Gwen menggelengkan kepalanya.
“Sekarang,” ulangnya. “Ini adalah perintahnya yang baru,” ia berbohong.
Algojo itu bergegas dan segera menurunkan mayat itu.
Gwen merasakan sebuah kekuatan lain. Ia tak ragu bahwa Gareth sedang mengamati mayat Firth dari jendelanya sepanjang hari – menurunkannya akan membuatnya kesal. Tapi akan membuatnya tahu bahwa tak semua rencananya berjalan mulus.
Gwen baru akan beranjak pergi ketika ia mendengar sebuah suara; ia berhenti dan berbalik, di atas sana, bertengger di atas tiang, ia melihat burung elang Estopheles. Ia mengangkat tangan untuk melindungi matanya dari matahari, mencoba memastikan bahwa matanya tak sedang menipu dirinya. Estopheles memekik lagi dan mengembangkan sayapnya, mendekati mereka.
Gwen dapat merasakan burung itu menyembunyikan arwah ayahnya. Jiwanya tidak tenang, dan sebentar lagi akan menemukan kedamaian.
Gwen mendadak memikirkan sesuatu; ia bersiul dan mengulurkan sebelah lengannya, dan Estopheles menukik ke arahnya dan bertengger di lengan Gwen. Burung itu berat, dan cakarnya mencengkeram kulit Gwen.
“Carilah Thor, “ bisiknya pada burung itu. “Cari dia di medan pertempuran. Lindungi dia. PERGILAH!” serunya, sambil mengangkat lengannya.
Ia memandang Estopheles mengepakkan sayapnya dan membumbung tinggi, semakin tinggi ke langit. Gwen berdoa itu berhasil. Ada sesuatu yang misterius dengan beurung itu, terutama hubungannya dengan Thor, dan Gwen tahu apapun mungkin terjadi.
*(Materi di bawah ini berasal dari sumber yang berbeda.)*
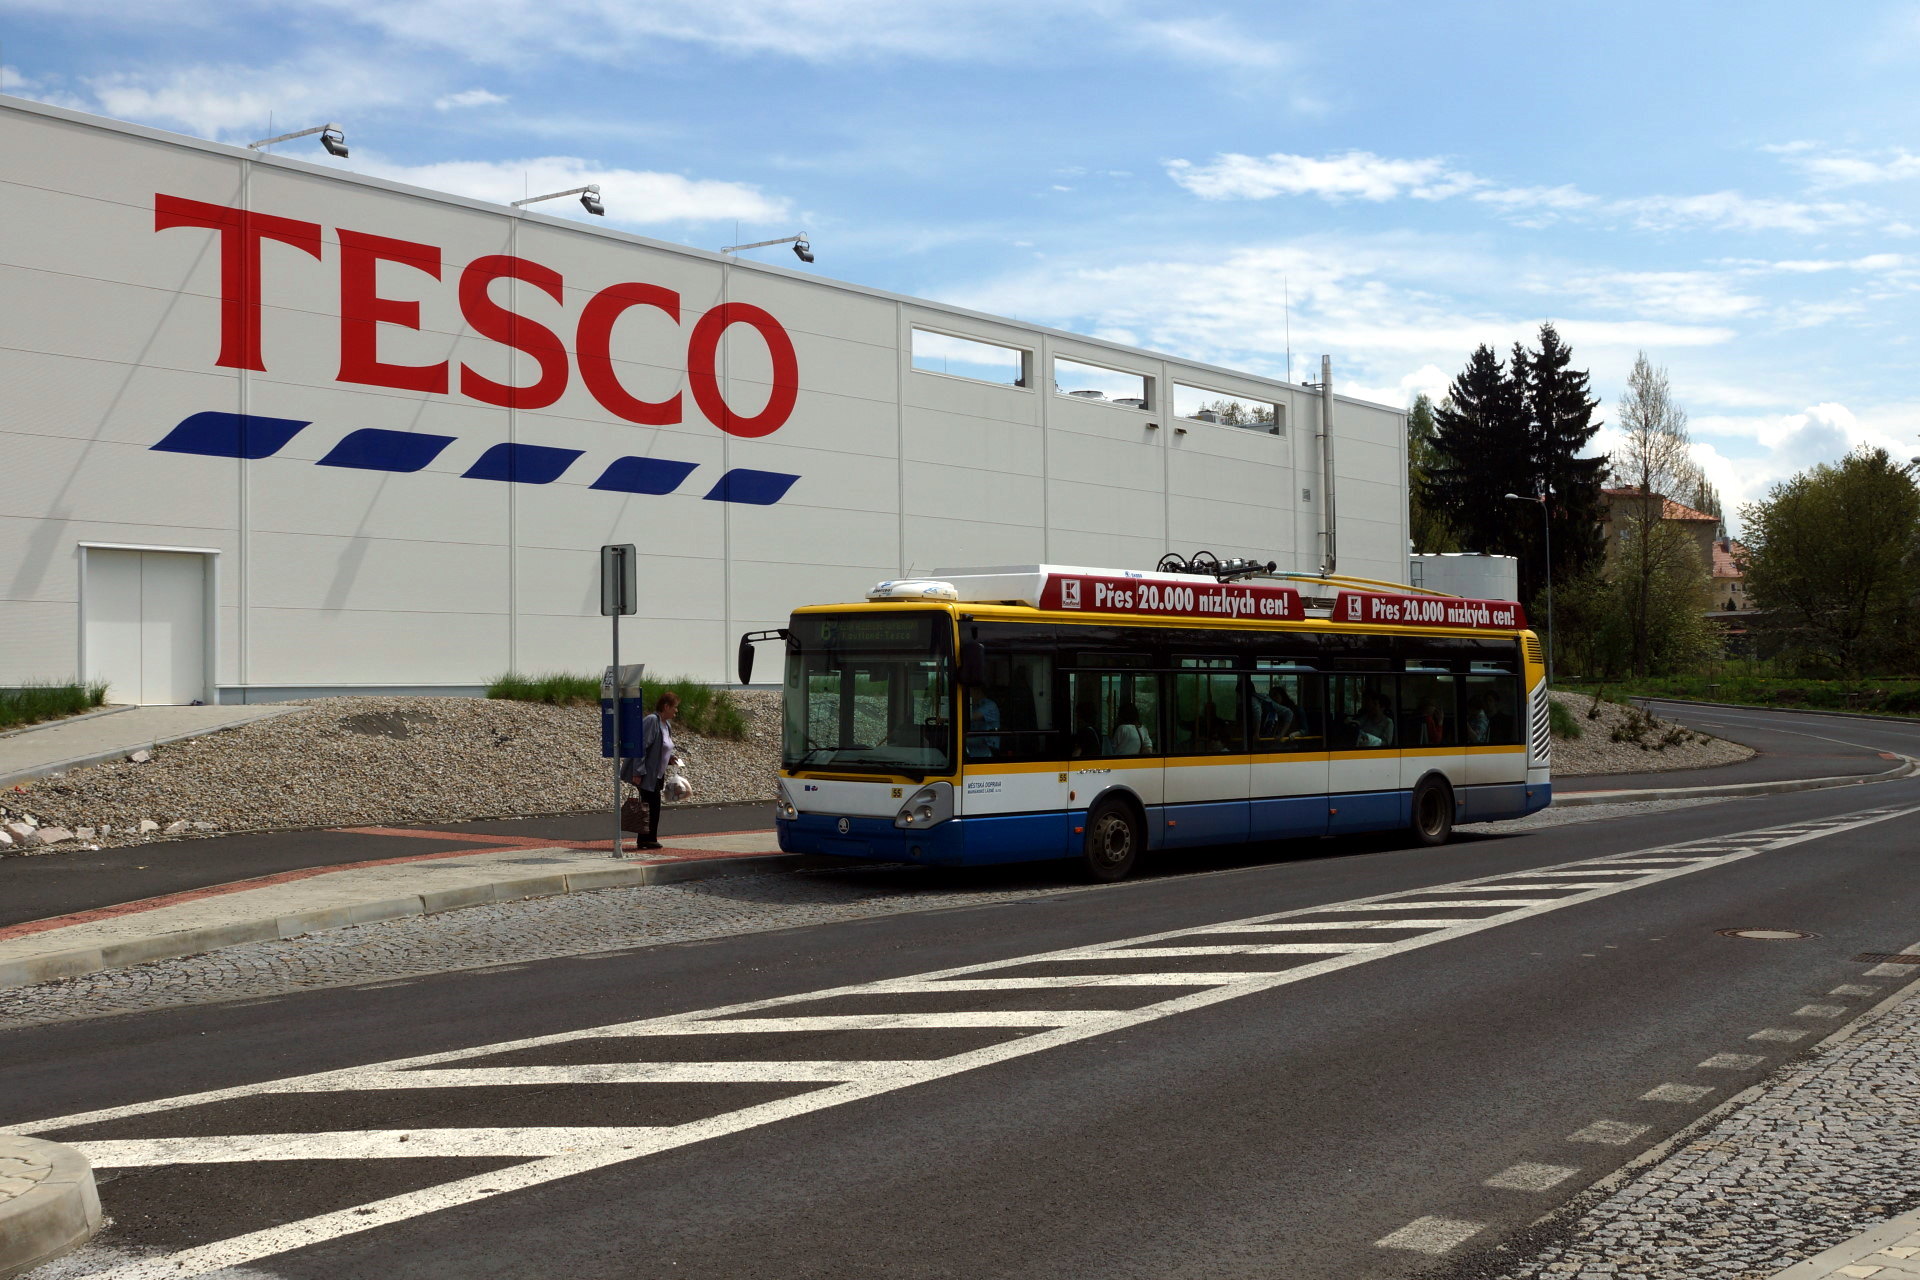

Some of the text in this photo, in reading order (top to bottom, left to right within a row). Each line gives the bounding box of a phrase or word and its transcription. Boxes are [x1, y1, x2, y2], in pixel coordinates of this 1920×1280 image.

[155, 192, 799, 438] TESCO
[1095, 582, 1289, 618] Přes 20.000 nízkých cen!
[1372, 598, 1515, 628] Přes 20.000 nízkých cen!
[821, 623, 830, 640] 6
[892, 788, 902, 798] 55
Gwen melanjutkan langkahnya, bergegas di sepanjang jalan terjal menuju pondok tabib. Mereka melintasi beberapa gerbang melengkung di luar kota, dan ia berjalan secepat ia bisa, berdoa agar Godfrey bertahan hidup untuk mendapatkan pertolongan.
Matahari kedua tampak rendah di langit saat mereka mendaki sebuah bukit kecil di batas luar Istana Raja dan tampaklah pondok tabib di kejauhan. Pondok itu sederhana, hanya ada satu ruangan, tembok putihnya terbuat dari tanah liat, dengan satu jendela kecil di tiap sisinya, pintu oak melengkung di depannya. Dari atapnya tergantunglah aneka tanaman dengan berbagai warna dan jenis, mengelilingi pondok itu – yang juga dikelilingi hamparan tanaman obat, bunga berbagai warna dan bentuk membuat pondok itu seolah baru saja dijatuhkan di tengah rumah kaca.
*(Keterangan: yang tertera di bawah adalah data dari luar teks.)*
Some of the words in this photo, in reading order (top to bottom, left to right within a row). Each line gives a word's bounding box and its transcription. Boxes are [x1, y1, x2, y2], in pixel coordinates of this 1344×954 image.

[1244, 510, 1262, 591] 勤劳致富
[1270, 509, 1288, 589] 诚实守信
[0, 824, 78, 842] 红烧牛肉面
Gwen berlari menuju pintu dan menggedor pintu itu beberapa kali. Pintu terbuka, dan di depannya munculah seraut wajah si tabib.
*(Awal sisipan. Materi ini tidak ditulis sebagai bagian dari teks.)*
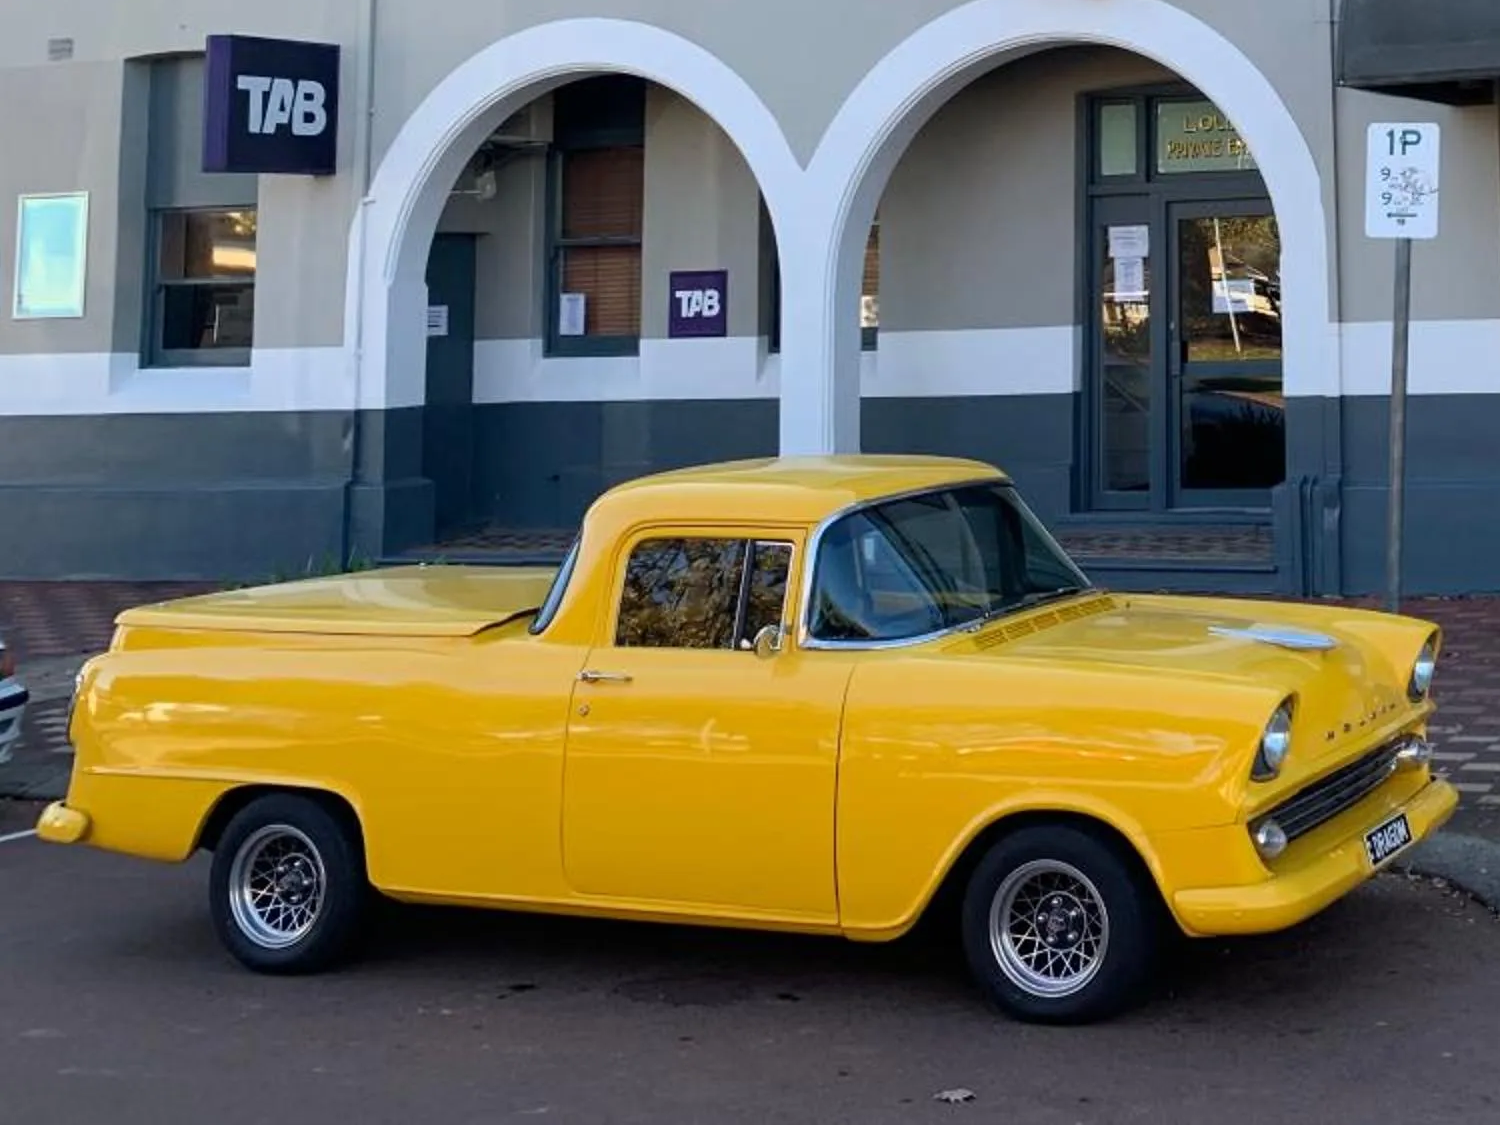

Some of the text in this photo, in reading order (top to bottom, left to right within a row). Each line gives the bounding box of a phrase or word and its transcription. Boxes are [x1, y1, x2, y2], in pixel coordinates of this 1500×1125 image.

Illepra. Ia telah menjadi tabib kerajaan sepanjang hidupnya, dan telah dikenal Gwen sejak ia masih belajar berjalan. Kulitnya tampak bersinar, membungkus mata hijaunya yang tampak ramah dan sulit dipercaya usianya sudah lebih dari 18 tahun. Gwen tahu kalau Illepra lebih tua dari itu, tahu bahwa penampilannya bisa mengecohkan, dan ia juga tahu bahwa Illepra adalah salah satu orang terpandai dan berbakat yangpernah ditemuinya.
Roman wajah Illepra berubah saat ia melihat Godfrey. Matanya terbelalak dengan penuh rasa prihatin, menyadari kegawatan situasinya. Ia menyeruak melewati Gwen dan bergegas menuju ke arah Godrey, meletakkan telapak tangannya di keningnya, keningnya berkerut.